Condivido quello che ha detto don Gianandrea: penso che celebrare un battesimo in quel Battistero, semplicemente entrando, faccia comprendere molto di più cosa significhi quel gesto, quell’atto che noi compiamo. Intanto noi, con le nostre povertà, con le nostre fatiche, siamo portati a guardare verso l’alto. A me sembra che questo sia un modo per stare vicini a quelli che stanno facendo fatica e che, guardando verso l’alto, vedono una speranza, una strada, la gioia di poter dire: «Supereremo queste fatiche».

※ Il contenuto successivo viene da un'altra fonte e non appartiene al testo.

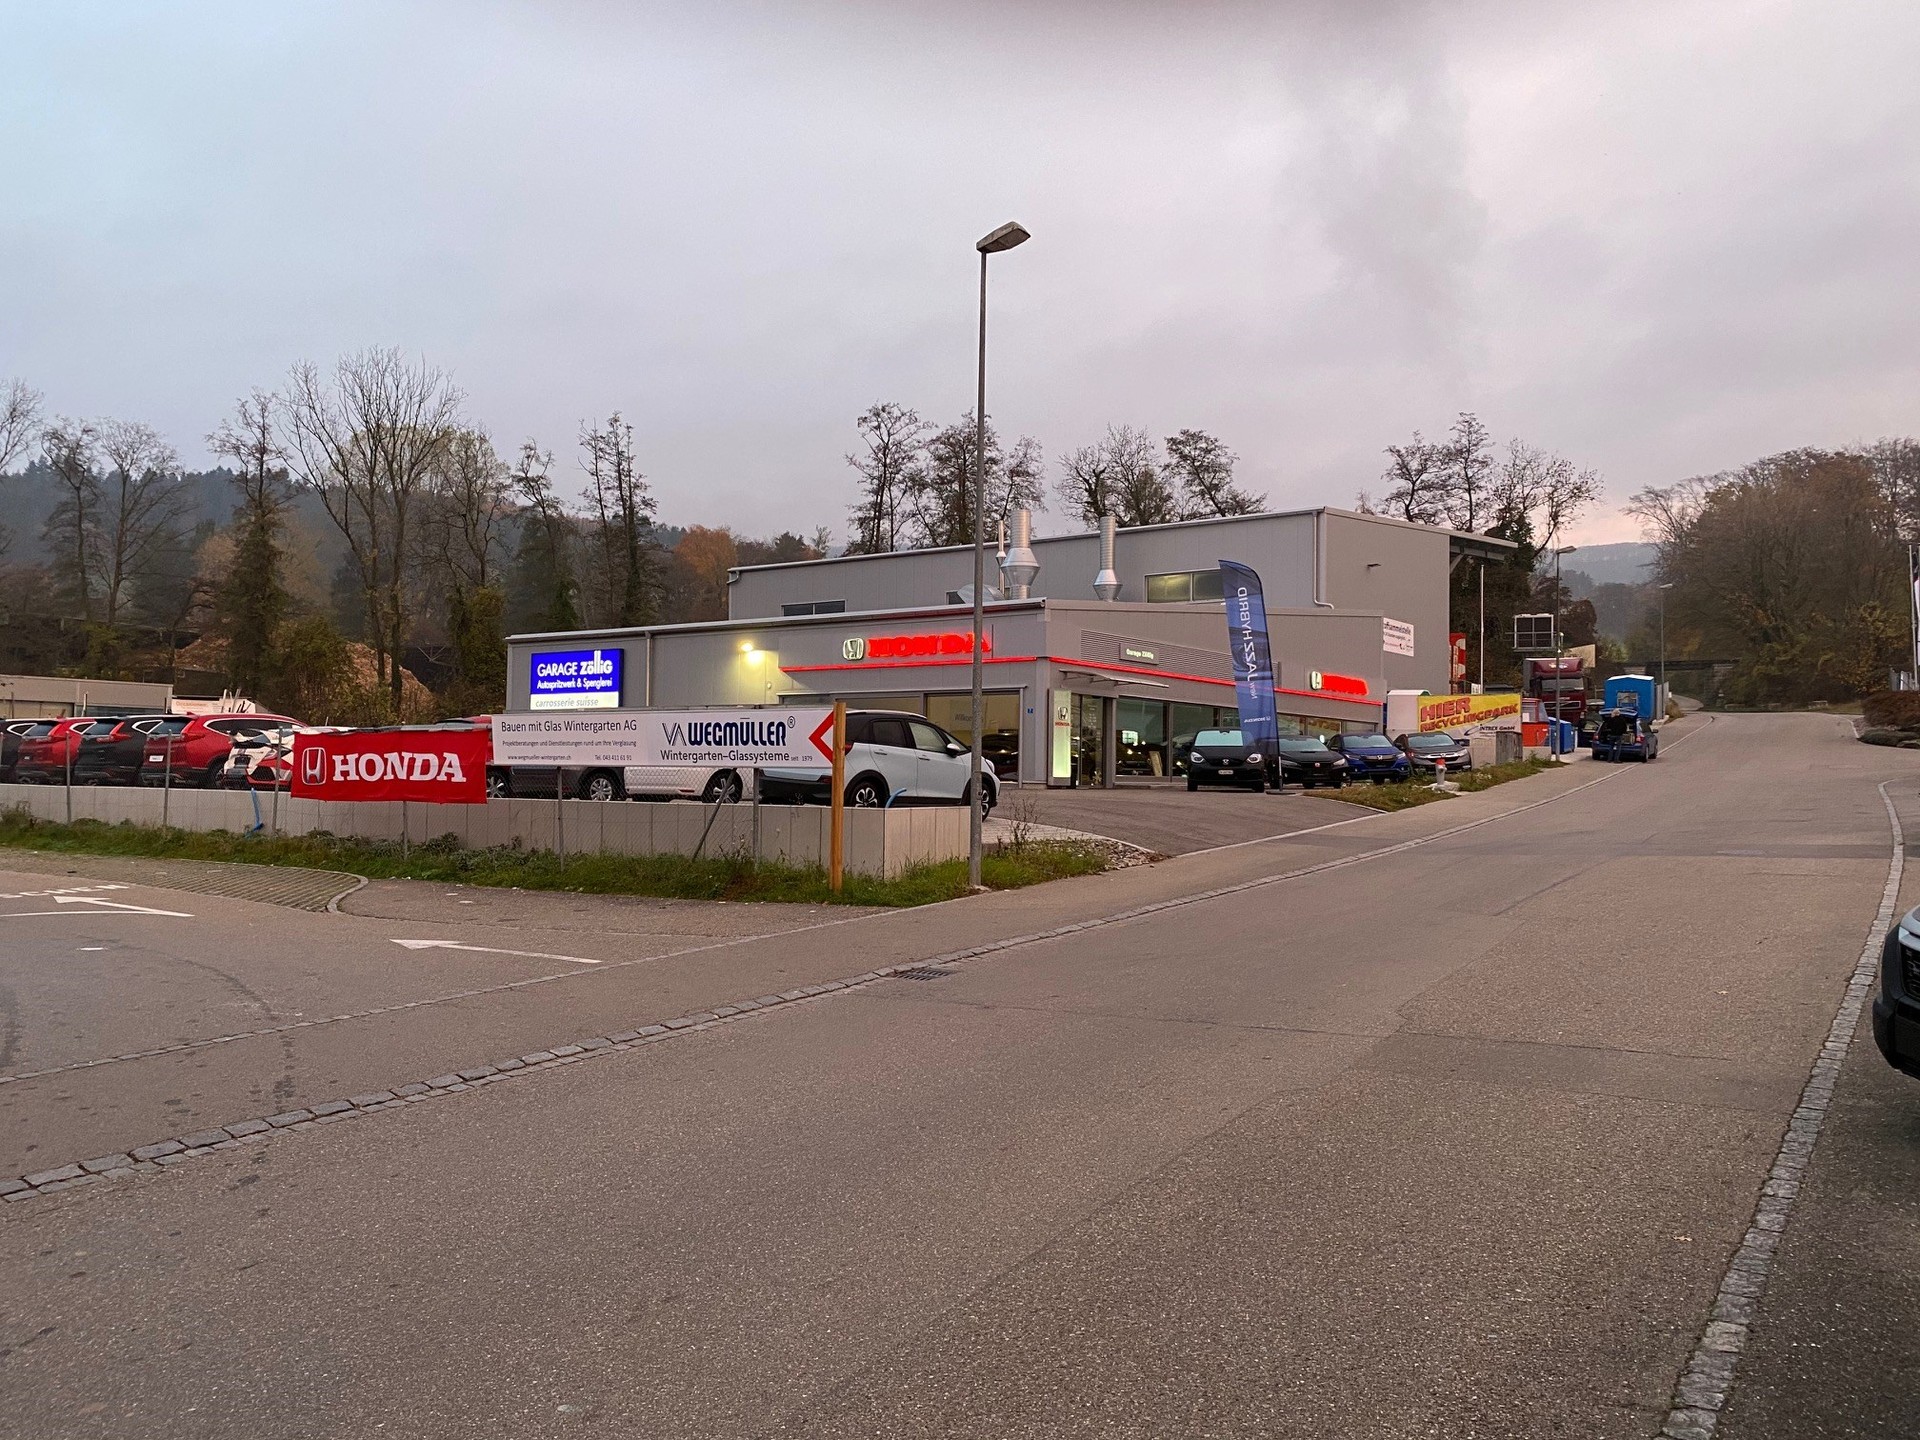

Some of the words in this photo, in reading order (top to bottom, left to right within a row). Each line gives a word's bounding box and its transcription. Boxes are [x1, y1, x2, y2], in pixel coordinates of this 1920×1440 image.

[537, 662, 578, 676] GARAGE
[537, 677, 576, 691] Autospritzwerk
[576, 677, 582, 688] &
[583, 676, 613, 690] Spenglerei
[535, 698, 574, 708] carrosserie
[576, 695, 599, 706] suisse
[1420, 697, 1471, 722] HIER
[1420, 703, 1519, 733] RECYCLINGPARK
[501, 721, 526, 732] Bauen
[529, 720, 542, 732] mit
[543, 720, 562, 732] Glas
[563, 720, 622, 734] Wintergarten
[623, 719, 637, 731] AG
[502, 739, 539, 747] Projektberatungen
[332, 751, 467, 783] HONDA

Guardare verso quell’alto vuol dire trovare coraggio per lottare contro le insufficienze che le nostre attività umane, le nostre politiche internazionali o le nostre economie possono produrre. Trovare coraggio perché non tutto si risolve qui nel basso. E questo penso sia per noi cristiani anche un invito ad essere educatori, non soltanto di competenze, ma anche di spirito, di una ricchezza interiore che rende noi uomini e donne.
Oggi vivo questo evento come l’azione di mettere in una vetrina, sotto la luce dei riflettori, una perla che abbiamo da tanto tempo ma che forse non avevamo mai valorizzato abbastanza.

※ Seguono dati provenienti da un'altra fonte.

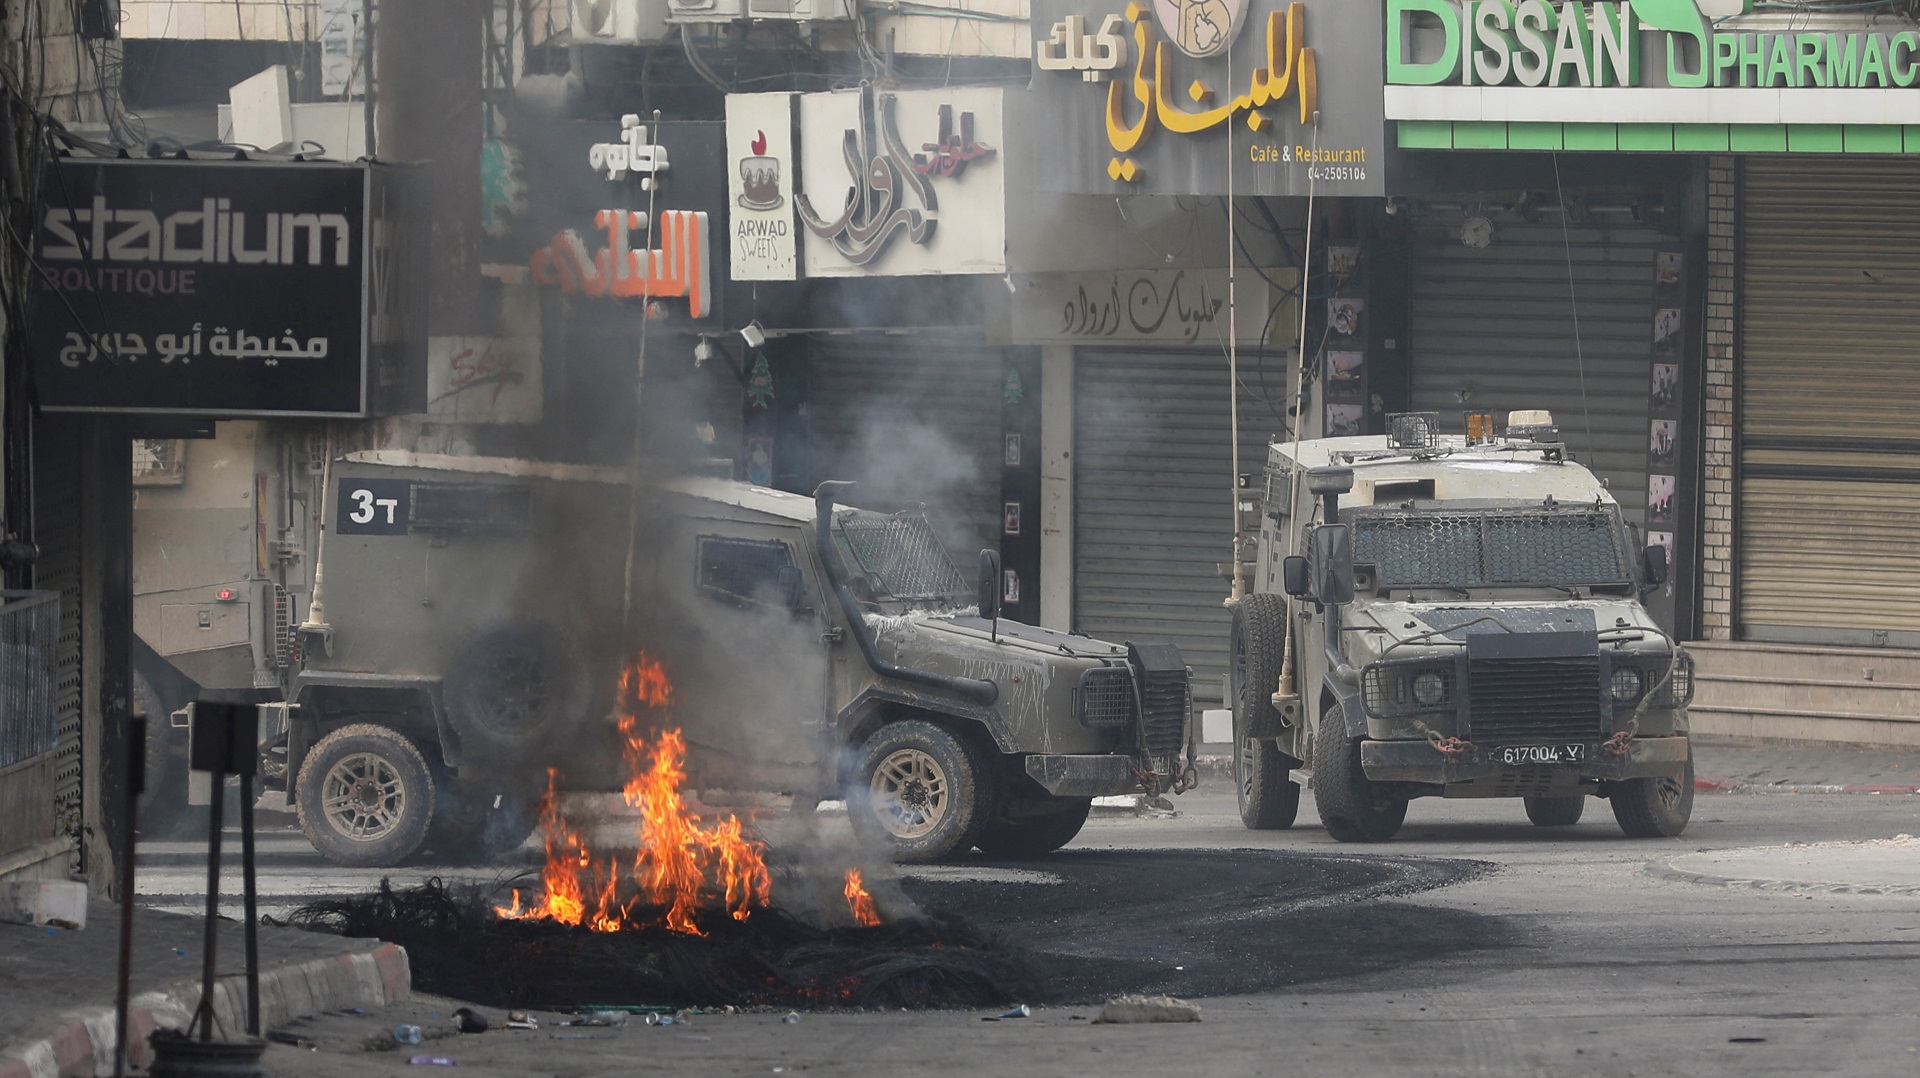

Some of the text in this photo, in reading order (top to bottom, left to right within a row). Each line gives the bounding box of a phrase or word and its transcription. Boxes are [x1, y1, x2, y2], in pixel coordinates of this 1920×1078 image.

[1037, 14, 1126, 82] كيك
[1386, 0, 1920, 88] DISSAN PHARMAC
[1106, 1, 1316, 181] اللبناني
[1250, 144, 1366, 162] Café & Restaurant
[1308, 166, 1366, 181] 04-2505106
[43, 195, 349, 266] stadium
[737, 219, 787, 236] ARWAD
[739, 234, 778, 261] SWEETS
[42, 267, 196, 297] BOUTIQUE
[59, 322, 329, 369] مخيطة أبو جورج

Se nel nostro cammino educativo mettiamo soltanto le cose brutte ci abituiamo a discernere e a valutare soltanto le cose brutte; pensate il contributo che può essere dato invece se ci educhiamo alla bellezza, a vedere qualche cosa di bello, a credere che c’è il bello. E se anche per un po’ di tempo, come diceva santa Teresa di Lisieux, vediamo le nuvole, sappiamo che dietro c’è il sole e prima o poi tornerà a splendere. Con questa certezza noi possiamo continuare ad affrontare le nostre giornate.
Concludendo, guardo all’architettura del Battistero: oltre al quadrato che ricorda il nostro essere su questa terra, la nostra umanità, c’è anche il cerchio, la sfera, verso cui noi guardiamo, da cui prendiamo ispirazione, prendiamo forza. Forse visitando il Battistero impariamo ad attendere: in un tempo di consumo immediato di tutto, educhiamoci a saper attendere e a sperare in ciò che è bello, perché quello dà forza alla nostra vita.
Grazie a tutti per essere venuti e buona visita.